Les précisions et justifications apportées doivent être suffisantes pour que le prix proposé ne soit pas regardé comme manifestement sous-évalué

En l’espèce, une entité adjudicatrice avait lancé une procédure de passation d’un accord-cadre à bons de commande de cinq ans pour des travaux de réparation et d’extension des réseaux d’assainissement. Une société, qui estimait que l’offre qu’elle avait présentée dans le cadre de cette consultation a été écartée à tort comme anormalement basse, avait saisi le juge des référés du tribunal administratif d’une demande tendant à la suspension de l’exécution de la décision l’écartant et à ce qu’il soit enjoint à l’acheteur de reprendre la procédure au stade de la sélection des offres.

Selon le Conseil d’État, quelle que soit la procédure de passation mise en œuvre, il incombe au pouvoir adjudicateur qui constate qu’une offre paraît anormalement basse de solliciter auprès de son auteur toutes précisions et justifications de nature à expliquer le prix proposé, sans être tenu de lui poser des questions spécifiques. Si les précisions et justifications apportées ne sont pas suffisantes pour que le prix proposé ne soit pas regardé comme manifestement sous-évalué et de nature à compromettre la bonne exécution du marché, il appartient au pouvoir adjudicateur de rejeter l’offre.
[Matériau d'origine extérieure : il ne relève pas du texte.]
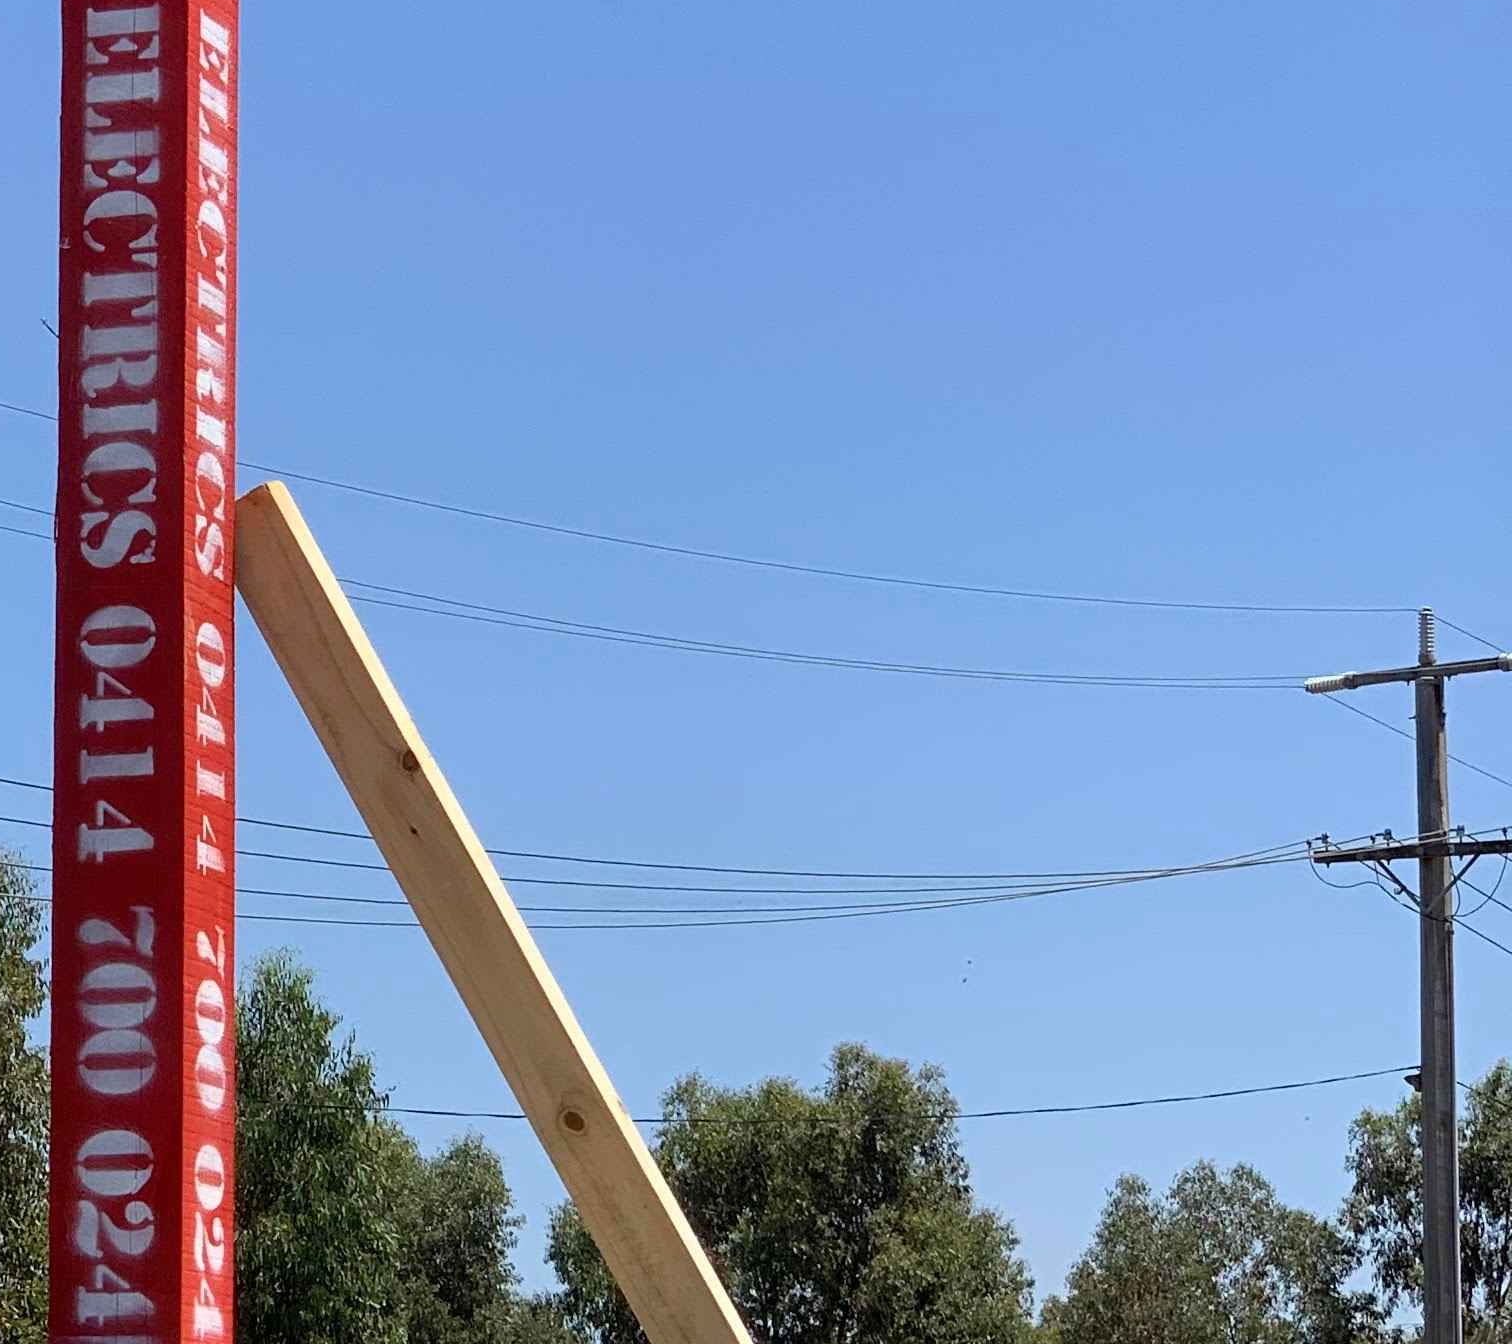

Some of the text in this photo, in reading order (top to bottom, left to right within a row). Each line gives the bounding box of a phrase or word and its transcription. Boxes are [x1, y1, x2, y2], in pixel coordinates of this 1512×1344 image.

Un écart important de prix au regard des offres concurrentes et de l’estimation de l’acheteur permet de qualifier une offre anormalement basse

Le caractère anormalement bas ou non d’une offre ne saurait résulter du seul constat d’un écart de prix important entre cette offre et d’autres offres que les explications fournies par le candidat ne sont pas de nature à justifier. Il appartient notamment au juge du référé précontractuel de rechercher si le prix en cause est en lui-même manifestement sous-évalué et, ainsi, susceptible de compromettre la bonne exécution du marché.

En l’espèce, l’acheteur avait demandé à la société requérante d’apporter, d’une part, les explications générales de nature à justifier les prix proposés, lesquels étaient en deçà de l’estimation et de la moyenne des autres offres avec des écarts importants et, d’autre part, tous éléments justificatifs pour une liste non exhaustive de prestations dont les coûts et prix apparaissaient incohérents. Au vu de la réponse de la société, l’acheteur a rejeté son offre comme anormalement basse. Il a relevé, en premier lieu, que la société n’avait pas produit d’explication générale sur les tarifs appliqués, lesquels apparaissaient particulièrement bas en comparaison de l’estimation du pouvoir adjudicateur et des prix résultants des offres concurrentes. En deuxième lieu, les détails complémentaires demandés pour certaines prestations n’apparaissaient pas en adéquation avec le descriptif du chantier-exemple produit dans le mémoire technique de l’entreprise. En troisième lieu, les détails complémentaires demandés pour certaines prestations comportaient toujours des imprécisions et carences.

Enfin, les réponses apportées par la société comportaient des incohérences dans les justifications apportées, ces deux dernières considérations étant assorties d’exemples précis. Le Conseil d’État confirme la légalité de la décision écartant l’offre comme anormalement basse.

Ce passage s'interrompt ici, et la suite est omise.